🤖 AI Summary
Deep learning models for medical imaging often suffer performance degradation in new clinical settings due to distribution shifts—such as changes in imaging devices, patient populations, or acquisition protocols—yet existing stress tests rely on unrealistic perturbations that poorly reflect real-world robustness. This work proposes the first counterfactual stress-testing framework based on causal generative models, which intervenes on variables like scanner type or patient sex to synthesize clinically plausible “what-if” images that preserve anatomical structure while realistically simulating target distribution shifts. Experiments on chest X-ray and mammography datasets demonstrate that this approach more accurately predicts the direction, magnitude, and relative ranking of model performance changes under real out-of-domain conditions compared to conventional perturbation methods, substantially improving the correlation between stress-test outcomes and actual model robustness.
📝 Abstract
Deep learning models in medical imaging often fail when deployed in new clinical environments due to distribution shifts in demographics, scanner hardware, or acquisition protocols. A central challenge is underspecification, where models with similar validation performance exhibit divergent real-world failure modes. Although stress testing has emerged as a tool to assess this, current methods typically rely on simple, uninformed perturbations (e.g., brightness or contrast changes), which fail to capture clinically realistic variation and can overestimate robustness.
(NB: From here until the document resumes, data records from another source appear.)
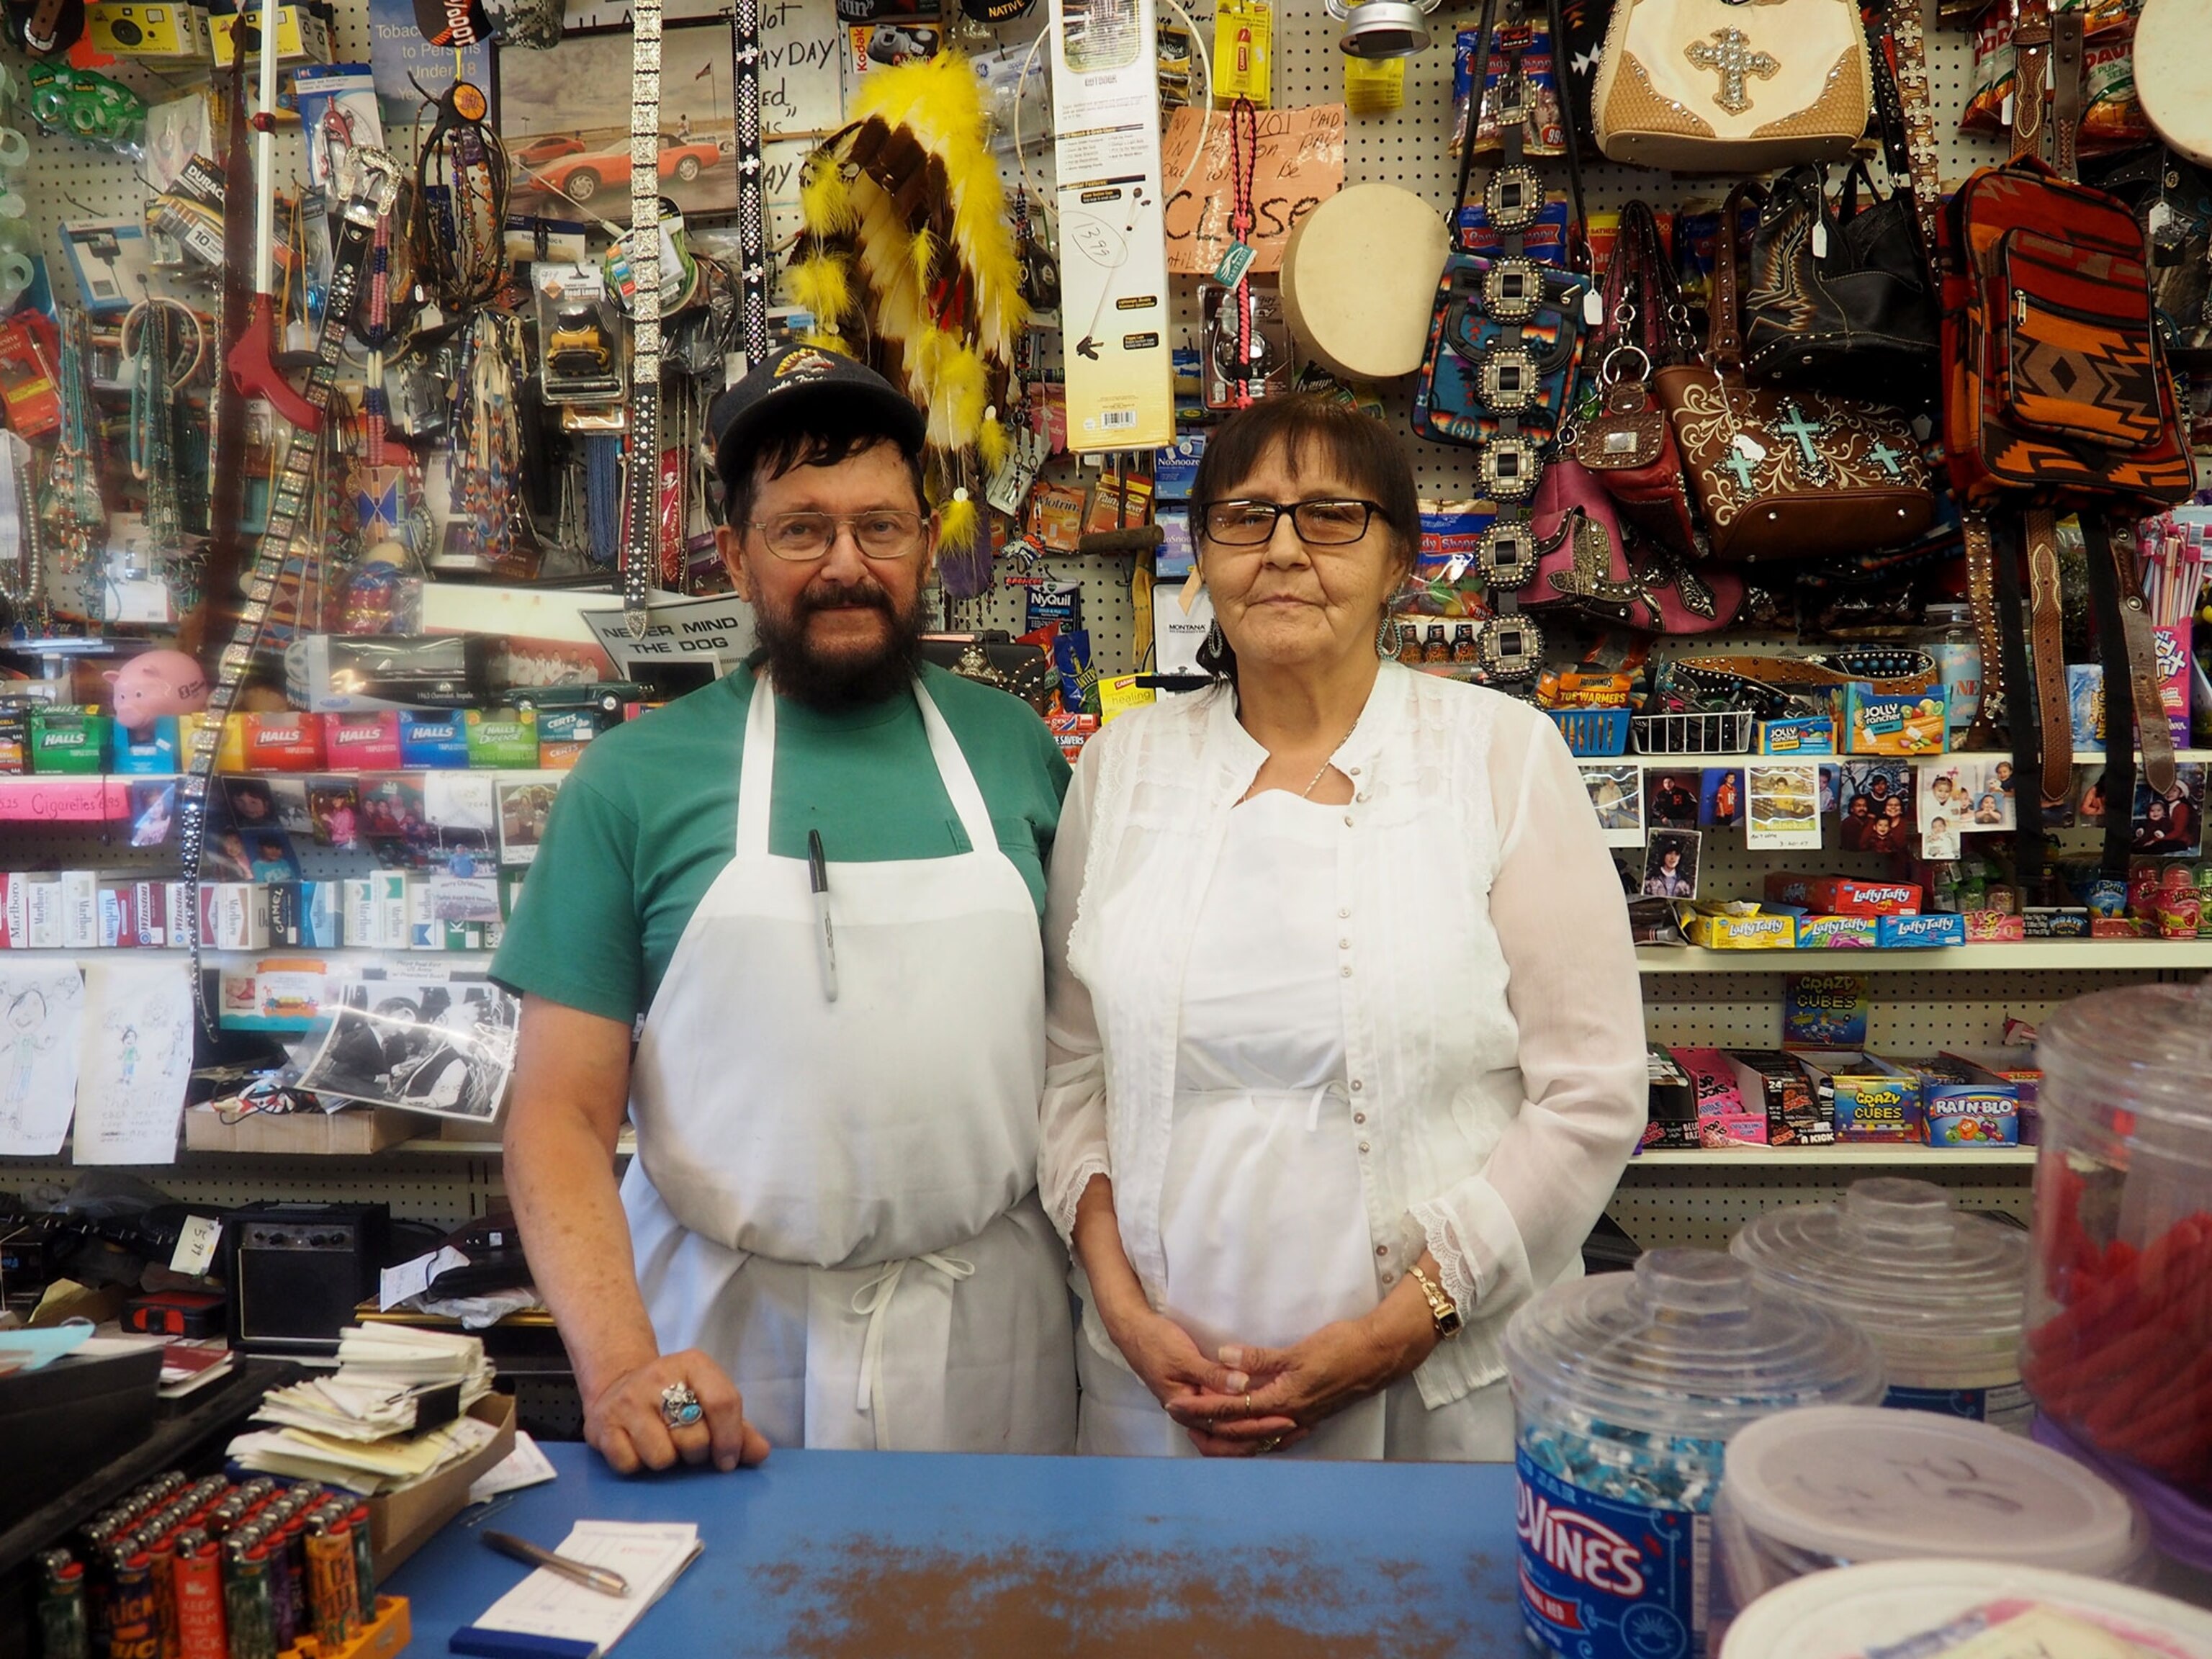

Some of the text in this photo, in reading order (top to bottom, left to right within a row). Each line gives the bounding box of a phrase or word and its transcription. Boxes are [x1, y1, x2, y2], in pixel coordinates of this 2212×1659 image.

[989, 0, 1025, 17] NATIVE
[376, 24, 423, 38] Tobac
[403, 43, 481, 58] to Persns
[854, 28, 868, 71] Kodak
[2085, 45, 2132, 68] DAVI
[1489, 58, 1511, 71] ndy
[1309, 108, 1340, 128] PAID
[1277, 157, 1302, 179] Be
[187, 164, 225, 203] DURAC
[763, 162, 792, 194] AY
[194, 229, 211, 247] 10
[1469, 228, 1554, 243] Cand oppe
[1158, 457, 1200, 467] NoSnooze
[1037, 494, 1077, 512] Motrin
[1097, 491, 1117, 505] Pain
[1442, 539, 1477, 549] Shopp
[1031, 593, 1071, 607] NyQuil
[602, 616, 738, 639] NEER MIND
[629, 637, 729, 654] THE DOG
[1116, 677, 1136, 688] CARME
[1112, 690, 1151, 705] healing
[1560, 692, 1626, 703] TOE WARMERS
[1863, 703, 1898, 719] JOLLY
[1866, 713, 1901, 724] rancher
[547, 714, 577, 729] CERTS
[259, 729, 301, 743] HALLS
[339, 728, 381, 743] HALLS
[411, 727, 454, 739] HALLS
[487, 725, 516, 735] HALLS
[1771, 727, 1797, 738] JOLLY
[44, 733, 86, 746] HALLS
[1771, 734, 1799, 742] rancher
[549, 744, 578, 757] CERTS
[32, 793, 95, 819] Cigarettes
[11, 881, 20, 938] Marlboro
[34, 886, 44, 925] Marlboro
[271, 887, 284, 934] CAMEL
[78, 900, 92, 940] Marlboro
[106, 897, 119, 940] Marlboro
[229, 898, 241, 936] Marlboro
[391, 905, 404, 938] Marlboro
[1797, 996, 1856, 1010] CUBES
[1699, 1074, 1715, 1088] OP
[1768, 1081, 1783, 1089] 24
[1854, 1107, 1903, 1119] CUBES
[1684, 1131, 1700, 1141] RAZ
[1809, 1133, 1835, 1143] KICK
In this work, we introduce a counterfactual stress testing framework based on causal generative models that create realistic "what if" images by intervening on attributes such as scanner type and patient sex while preserving anatomical identity, enabling controlled and semantically meaningful evaluation under targeted distribution shifts. Across two imaging modalities (chest X-ray and mammography), three model architectures, and multiple shift scenarios, we show that counterfactual stress tests provide a substantially more accurate proxy for real out-of-distribution performance than classical perturbations, capturing the direction and relative magnitude of performance changes as well as model ranking. These results suggest that causal generative models can serve as practical simulators for robustness assessment, offering a more reliable basis for evaluating medical AI systems prior to deployment.